A BRUXA DA CASA AO LADO
Capítulo I – A Rua
Sempre brinquei muito na rua, e a rua
da minha casa era especialmente divertida.
Éramos alguns grandes amigos e
aprontávamos todas no meu quintal. Árvores viravam navios piratas, e com ele
viajávamos o mundo, com a vantagem de ter sempre uma goiaba para matar a fome
entre uma tormenta e outra. Moitas viravam florestas profundas, de onde resgatávamos
das garras de tribos canibais, amigos que haviam se tornado reféns ao procurar
um tesouro perdido.
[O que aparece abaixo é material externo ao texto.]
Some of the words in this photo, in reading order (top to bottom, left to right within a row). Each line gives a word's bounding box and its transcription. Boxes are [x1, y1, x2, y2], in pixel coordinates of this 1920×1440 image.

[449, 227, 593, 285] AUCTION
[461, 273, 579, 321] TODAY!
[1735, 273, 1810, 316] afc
Um bambuzal virava um labirinto que nos levaria a lugares
fantásticos, cheios de árvores de marshmalow e lagoas de chocolate, com
pedrinhas crocantes e espuma de morango.
Estávamos sempre envoltos em muitas
aventuras e sensações. O cheiro de uma mimosa[1], o
gosto azedo e delicioso dos morangos que colhíamos ainda verdes, o ploct de uma
jabuticaba muito preta, os vários tombos e arranhões que as árvores e pedras
nos proporcionavam, a maciez das folhas e a aspereza das árvores, o cheiro de
terra molhada, o calor de um dia de verão e o frescor do orvalho, isso tudo nos
preenchia e instigava.
E havia ainda a rua. Ah, a rua era mágica.
Estreita e toda florida. Cheia de árvores, de onde colhíamos mangas, carambolas
e jabuticabas. E pulávamos corda, jogávamos bola, queimada, bete-ombro[2] e
brincávamos de esconde-esconde e pique-pega.
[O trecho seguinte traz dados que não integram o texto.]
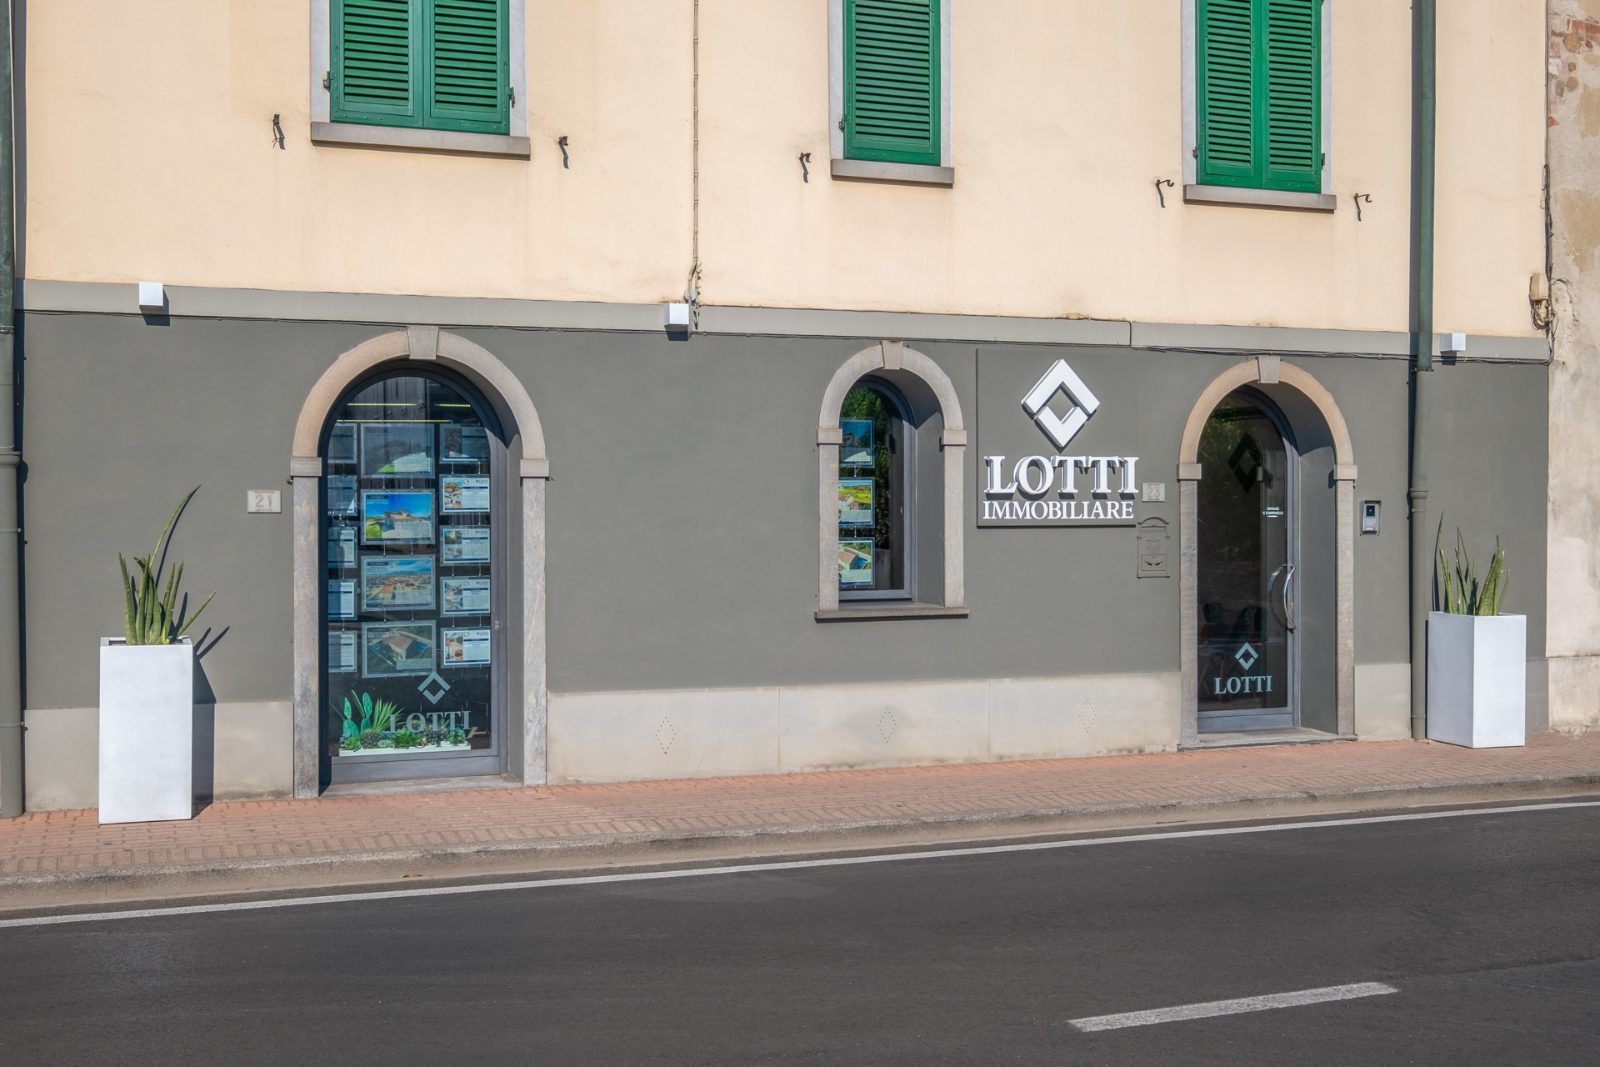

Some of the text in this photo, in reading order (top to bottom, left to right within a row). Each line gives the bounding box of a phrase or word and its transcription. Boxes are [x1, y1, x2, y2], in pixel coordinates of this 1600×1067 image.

[983, 455, 1140, 494] LOTTI
[256, 494, 272, 508] 21
[983, 501, 1134, 520] IMMOBILIARE
[1214, 675, 1273, 695] LOTTI
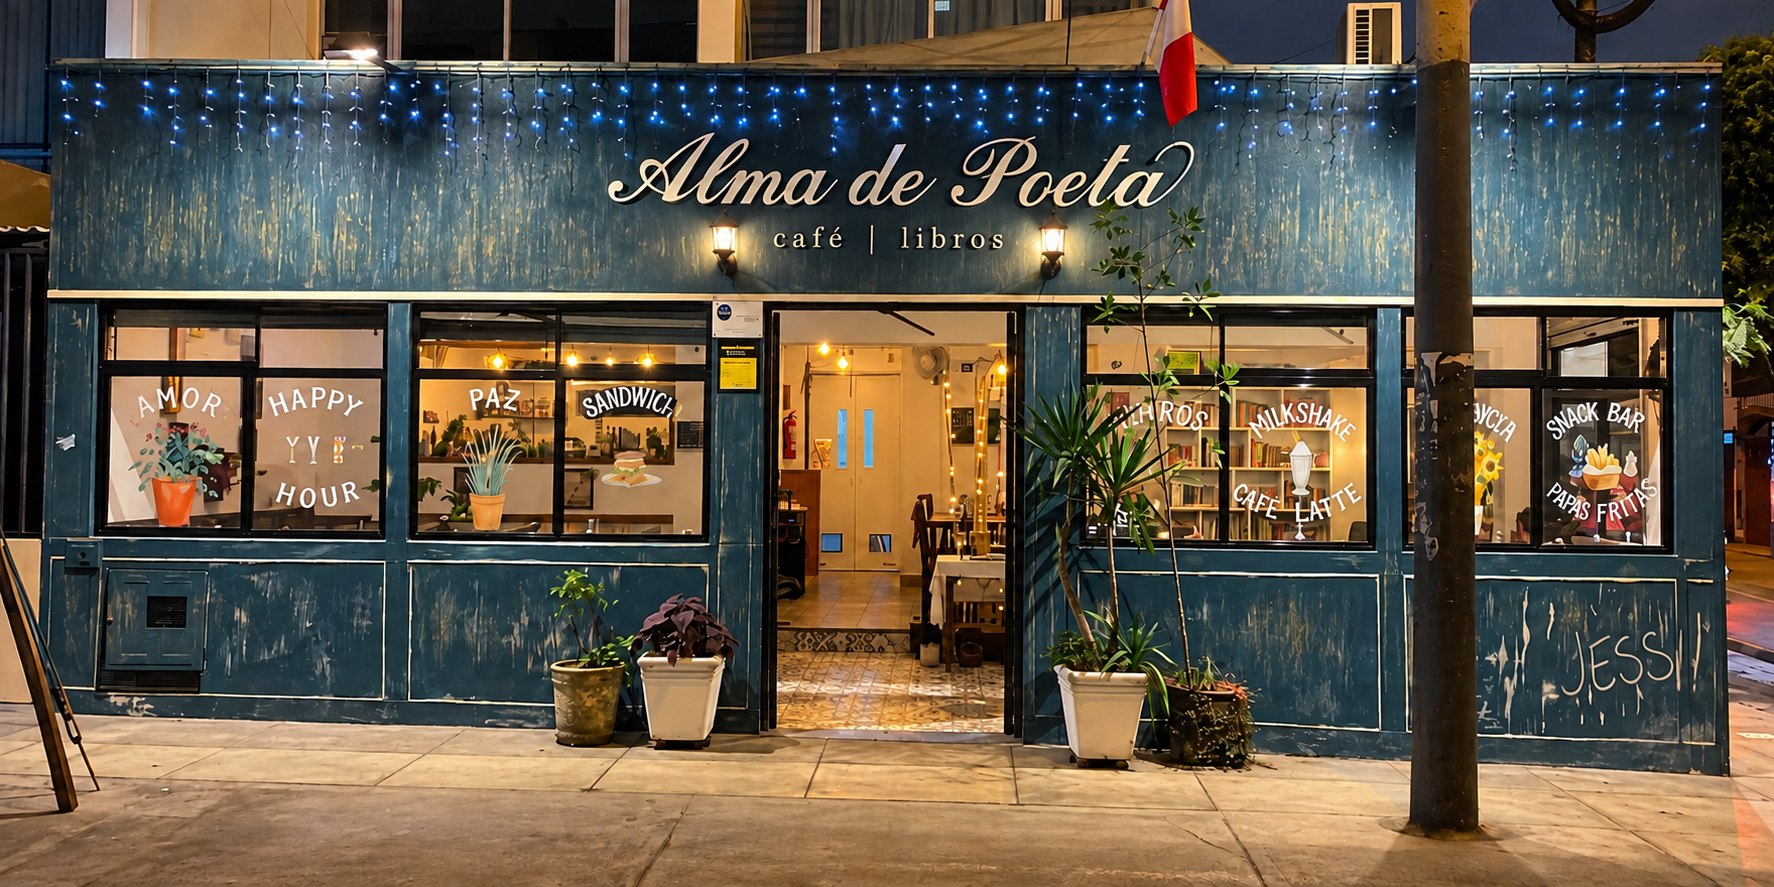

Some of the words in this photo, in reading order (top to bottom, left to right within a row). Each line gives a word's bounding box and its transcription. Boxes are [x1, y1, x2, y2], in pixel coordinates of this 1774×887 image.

[607, 132, 839, 206] Alma
[848, 143, 937, 207] de
[950, 136, 1195, 207] Poeta
[773, 225, 843, 249] café
[900, 225, 1005, 250] libros
[137, 386, 222, 418] AMOR
[268, 386, 364, 417] HAPPY
[469, 387, 521, 411] PAZ
[582, 386, 673, 418] SANDWICH
[1248, 402, 1357, 443] MILKSHAKE
[1546, 402, 1600, 441] SNACK
[1607, 402, 1645, 434] BAR
[275, 481, 360, 509] HOUR
[1295, 482, 1362, 523] LATTE
[1546, 482, 1591, 520] PAPAS
[1597, 477, 1658, 523] FRITAS
[1561, 631, 1674, 697] JESS
E ali bem pertinho morava A BRUXA DA
CASA AO LADO. Era uma casa de madeira, muito velha, pequena e com a pintura
descascando, as janelas, também de Madeira, eram azuis, assim como a estreita
porta da frente. Do telhado saía uma pequena chaminé que parecia estar sempre a
soltar uma fumaça preta e com cheiro estranho. No jardim, havia algumas flores
desbotadas, roseiras mal cuidadas com algumas poucas flores vermelhas e brancas
com muitos espinhos, parecendo despetaladas. Havia também duas árvores quase
secas, com apenas uma ou duas folhas quase verdes, penduradas em seus galhos. Confesso
que gostava delas, as achava bonitas assim, retorcidas e certamente com muitos
anos de vida, imaginava quantas pipas já haviam se prendido em seus galhos e se
algum dia já haviam sido frondosas, verdes e mais vivas.
A bruxa, a gente quase não via.
Sabíamos apenas, que tinha uma horta e vendia temperos para nossas mães. Uma ou
duas vezes tive eu mesma que ir comprar uns para a minha, com um medo que nem
sei como descrever. Só a víamos nestes dias e quando saia para comprar alguma
coisa, o que não acontecia muito. Sempre com aquele andar vacilante e um xale
verde nas costas, estivesse frio ou não, e com sua sacola vermelha que,
desconfiávamos, carregava os ingredientes para seus feitiços.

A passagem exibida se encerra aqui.